Ma cos’è il bullismo?
Il termine bullismo deriva dalla parola inglese “bullying” (dal verbo to bull) che
significa “usare prepotenza, maltrattare, intimorire”, pertanto il bullismo è quella
forma di oppressione fisica o psicologica messa in atto da una o più persone ( i bulli
appunto) nei confronti di un altro individuo percepito come più debole (la vittima).
Le prepotenze, vere e proprie “azioni vessatorie”, tra ragazzi/adolescenti, vanno
dalle offese alla derisione, dalle minacce alle aggressioni con spintoni, calci e
pugni fino al danneggiamento e alla sottrazione di cose di proprietà.
Il fenomeno del bullismo è in evoluzione, così come il modo di comunicare; le nuove
tecnologie a disposizione, Internet o telefono cellulare, sono inevitabilmente
ulteriori potenziali mezzi attraverso cui compiere e subire prepotenze o soprusi.
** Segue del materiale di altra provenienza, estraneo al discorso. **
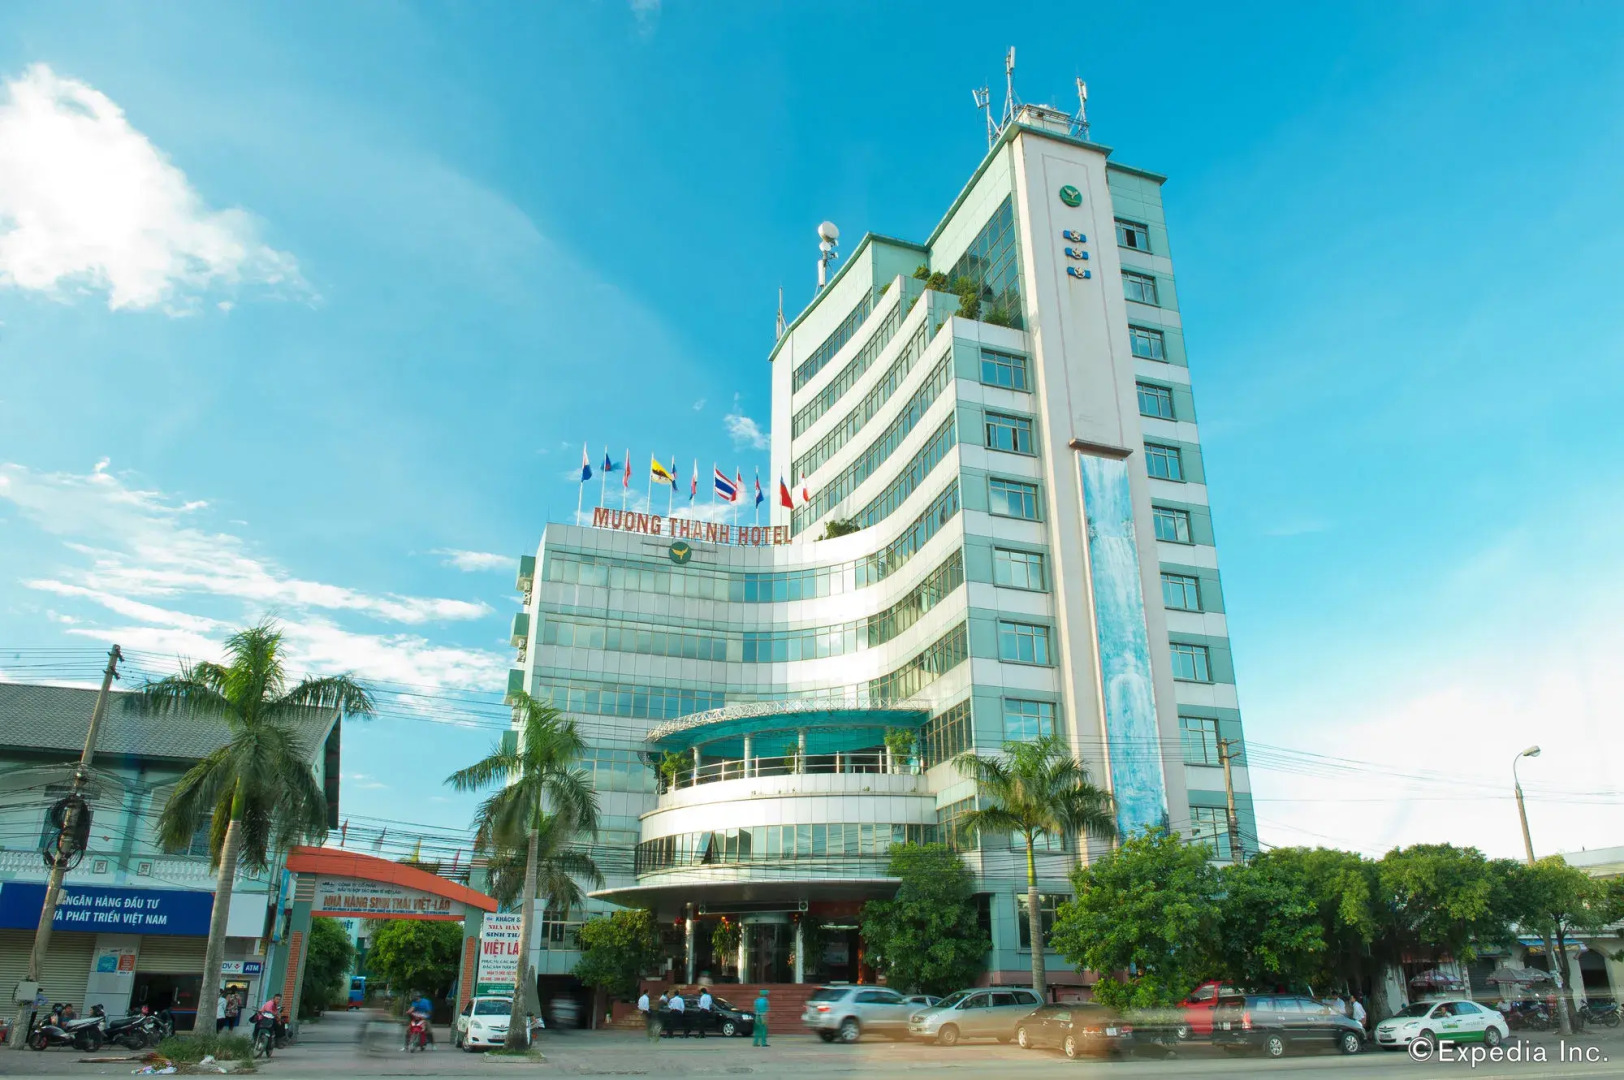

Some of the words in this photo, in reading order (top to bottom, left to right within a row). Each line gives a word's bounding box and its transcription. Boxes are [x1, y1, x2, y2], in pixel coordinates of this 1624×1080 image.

[593, 507, 661, 535] MUONG
[669, 517, 730, 544] THANH
[738, 525, 792, 546] HOTEL
[65, 895, 92, 906] NGÂN
[95, 896, 121, 908] HÀNG
[124, 896, 144, 908] ĐẦU
[146, 898, 160, 909] TƯ
[344, 896, 368, 908] HÀNG
[66, 910, 91, 922] PHÁT
[93, 910, 120, 922] TRIỂN
[123, 912, 144, 925] VIỆT
[145, 914, 168, 924] NAM
[484, 938, 505, 958] VIỆT
[507, 940, 520, 955] LÀ
Il cyber bullismo è un fenomeno che consiste nell'invio di messaggi offensivi,
insulti o di foto umilianti tramite sms, e-mail, diffuse in chat o sui social
network, per molestare una persona per un periodo più o meno lungo.
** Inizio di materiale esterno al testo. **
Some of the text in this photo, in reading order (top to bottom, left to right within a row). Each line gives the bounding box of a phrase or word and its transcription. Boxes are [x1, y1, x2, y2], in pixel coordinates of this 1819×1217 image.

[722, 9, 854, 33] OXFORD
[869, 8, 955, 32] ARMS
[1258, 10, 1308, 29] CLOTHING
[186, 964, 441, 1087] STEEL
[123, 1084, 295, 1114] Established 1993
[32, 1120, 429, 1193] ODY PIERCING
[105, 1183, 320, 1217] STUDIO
La dimensione temporale ha un ruolo meno rilevante. Infatti, anche una sola offesa
divulgata a molte persone attraverso Internet o telefoni cellulari può arrecare danno
alla vittima, potendo raggiungere una molteplicità di persone contemporaneamente
ed essere rimbalzata dall’uno all’altro ipoteticamente all’infinito, ampliando
notevolmente
la
gravità
e
la
natura
dell’attacco.
Tuttavia, come ho detto, prima di parlare di bullismo, dobbiamo distinguere se le
forme di atteggiamento aggressivo sono atti di prepotenza generici o sono veri e
propri atti di violenza tipici del bullismo. Come fare?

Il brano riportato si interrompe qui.